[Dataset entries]
__________

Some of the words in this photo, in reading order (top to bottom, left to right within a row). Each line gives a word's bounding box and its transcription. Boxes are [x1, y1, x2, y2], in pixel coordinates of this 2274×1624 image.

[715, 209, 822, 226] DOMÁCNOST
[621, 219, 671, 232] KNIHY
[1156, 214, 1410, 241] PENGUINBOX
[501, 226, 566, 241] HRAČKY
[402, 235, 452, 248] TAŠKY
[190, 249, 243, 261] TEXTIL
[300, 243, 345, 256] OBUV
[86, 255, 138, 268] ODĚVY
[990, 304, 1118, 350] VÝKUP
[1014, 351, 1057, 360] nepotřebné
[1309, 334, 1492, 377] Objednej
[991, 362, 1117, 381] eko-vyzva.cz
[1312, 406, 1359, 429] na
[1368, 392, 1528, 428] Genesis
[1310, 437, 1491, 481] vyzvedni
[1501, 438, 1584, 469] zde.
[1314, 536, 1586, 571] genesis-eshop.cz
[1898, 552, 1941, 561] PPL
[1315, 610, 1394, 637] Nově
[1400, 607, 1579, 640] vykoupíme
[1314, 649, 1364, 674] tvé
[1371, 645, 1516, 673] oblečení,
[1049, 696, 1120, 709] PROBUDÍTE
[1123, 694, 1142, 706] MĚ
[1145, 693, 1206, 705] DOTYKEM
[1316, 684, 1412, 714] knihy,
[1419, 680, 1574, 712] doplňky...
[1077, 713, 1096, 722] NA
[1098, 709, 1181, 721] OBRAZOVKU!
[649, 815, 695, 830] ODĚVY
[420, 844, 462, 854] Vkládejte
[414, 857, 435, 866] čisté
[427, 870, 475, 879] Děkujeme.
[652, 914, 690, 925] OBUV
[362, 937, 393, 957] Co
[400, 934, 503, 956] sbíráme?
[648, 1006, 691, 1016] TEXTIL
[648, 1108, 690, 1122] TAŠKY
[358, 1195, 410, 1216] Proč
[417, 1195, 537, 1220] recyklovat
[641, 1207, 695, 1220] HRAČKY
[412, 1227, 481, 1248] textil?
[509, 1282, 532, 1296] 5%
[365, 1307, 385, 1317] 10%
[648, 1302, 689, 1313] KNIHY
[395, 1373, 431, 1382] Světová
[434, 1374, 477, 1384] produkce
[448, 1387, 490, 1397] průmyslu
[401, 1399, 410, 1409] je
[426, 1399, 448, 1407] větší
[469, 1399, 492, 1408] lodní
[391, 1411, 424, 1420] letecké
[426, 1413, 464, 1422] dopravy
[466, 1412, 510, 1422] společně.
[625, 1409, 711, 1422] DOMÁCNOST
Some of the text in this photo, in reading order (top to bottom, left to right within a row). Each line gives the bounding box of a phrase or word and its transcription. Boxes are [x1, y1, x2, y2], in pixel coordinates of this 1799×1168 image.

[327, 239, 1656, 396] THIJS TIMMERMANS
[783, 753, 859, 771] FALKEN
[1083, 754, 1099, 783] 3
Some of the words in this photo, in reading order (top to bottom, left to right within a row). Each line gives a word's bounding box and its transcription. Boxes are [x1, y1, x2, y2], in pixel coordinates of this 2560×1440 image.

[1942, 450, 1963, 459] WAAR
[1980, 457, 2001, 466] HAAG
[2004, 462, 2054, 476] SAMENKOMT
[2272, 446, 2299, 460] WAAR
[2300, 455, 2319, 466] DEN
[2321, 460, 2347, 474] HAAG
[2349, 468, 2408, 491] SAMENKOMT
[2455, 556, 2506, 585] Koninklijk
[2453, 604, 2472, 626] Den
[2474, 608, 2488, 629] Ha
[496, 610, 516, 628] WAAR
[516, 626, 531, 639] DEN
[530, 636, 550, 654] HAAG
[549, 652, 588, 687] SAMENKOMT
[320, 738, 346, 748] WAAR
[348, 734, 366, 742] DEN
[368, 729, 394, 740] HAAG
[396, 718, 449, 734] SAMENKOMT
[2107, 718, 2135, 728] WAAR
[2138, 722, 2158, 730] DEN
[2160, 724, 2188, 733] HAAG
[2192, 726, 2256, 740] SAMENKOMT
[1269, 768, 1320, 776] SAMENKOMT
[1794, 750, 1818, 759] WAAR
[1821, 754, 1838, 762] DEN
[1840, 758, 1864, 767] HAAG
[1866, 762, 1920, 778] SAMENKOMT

__________

WORK REQUEST: Each line from the one that contains "this 2560×1440 image." to the end of the data should be set down exactly, both ends included.

TASK SOLUTION:
Some of the words in this photo, in reading order (top to bottom, left to right within a row). Each line gives a word's bounding box and its transcription. Boxes are [x1, y1, x2, y2], in pixel coordinates of this 2560×1440 image.

[1942, 450, 1963, 459] WAAR
[1980, 457, 2001, 466] HAAG
[2004, 462, 2054, 476] SAMENKOMT
[2272, 446, 2299, 460] WAAR
[2300, 455, 2319, 466] DEN
[2321, 460, 2347, 474] HAAG
[2349, 468, 2408, 491] SAMENKOMT
[2455, 556, 2506, 585] Koninklijk
[2453, 604, 2472, 626] Den
[2474, 608, 2488, 629] Ha
[496, 610, 516, 628] WAAR
[516, 626, 531, 639] DEN
[530, 636, 550, 654] HAAG
[549, 652, 588, 687] SAMENKOMT
[320, 738, 346, 748] WAAR
[348, 734, 366, 742] DEN
[368, 729, 394, 740] HAAG
[396, 718, 449, 734] SAMENKOMT
[2107, 718, 2135, 728] WAAR
[2138, 722, 2158, 730] DEN
[2160, 724, 2188, 733] HAAG
[2192, 726, 2256, 740] SAMENKOMT
[1269, 768, 1320, 776] SAMENKOMT
[1794, 750, 1818, 759] WAAR
[1821, 754, 1838, 762] DEN
[1840, 758, 1864, 767] HAAG
[1866, 762, 1920, 778] SAMENKOMT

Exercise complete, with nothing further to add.